** Exercise input **

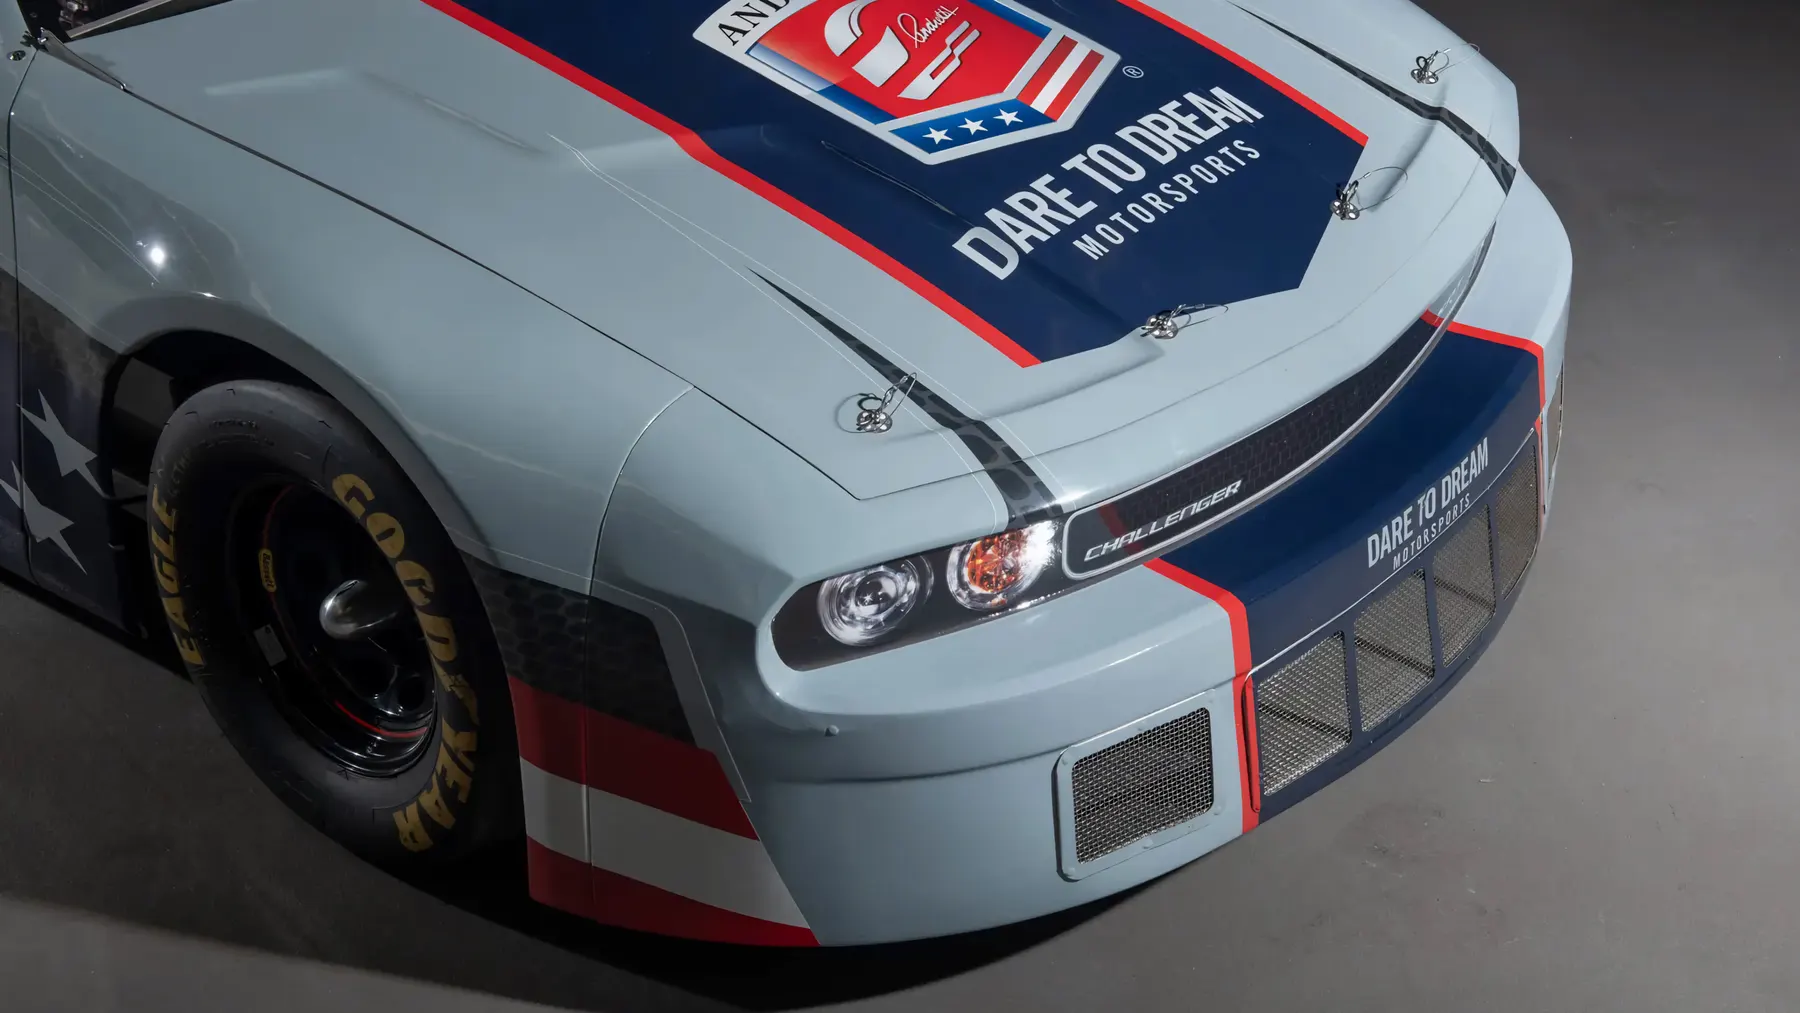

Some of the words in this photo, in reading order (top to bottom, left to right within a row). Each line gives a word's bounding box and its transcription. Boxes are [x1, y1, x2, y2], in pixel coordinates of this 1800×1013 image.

[952, 173, 1098, 280] DARE
[1061, 143, 1146, 194] TO
[1115, 86, 1264, 165] DREAM
[1072, 139, 1260, 260] MOTORSPORTS
[1084, 479, 1242, 562] CHALLENGER
[1367, 506, 1413, 568] DARE
[1418, 487, 1436, 527] TO
[1442, 437, 1488, 509] DREAM
[1393, 493, 1470, 570] MOTORSPORTS
[151, 484, 206, 665] EAGLE

** Assigned task **
The records above are to be duplicated exactly, pictures left out.

** Result for this exercise **
Some of the words in this photo, in reading order (top to bottom, left to right within a row). Each line gives a word's bounding box and its transcription. Boxes are [x1, y1, x2, y2], in pixel coordinates of this 1800×1013 image.

[952, 173, 1098, 280] DARE
[1061, 143, 1146, 194] TO
[1115, 86, 1264, 165] DREAM
[1072, 139, 1260, 260] MOTORSPORTS
[1084, 479, 1242, 562] CHALLENGER
[1367, 506, 1413, 568] DARE
[1418, 487, 1436, 527] TO
[1442, 437, 1488, 509] DREAM
[1393, 493, 1470, 570] MOTORSPORTS
[151, 484, 206, 665] EAGLE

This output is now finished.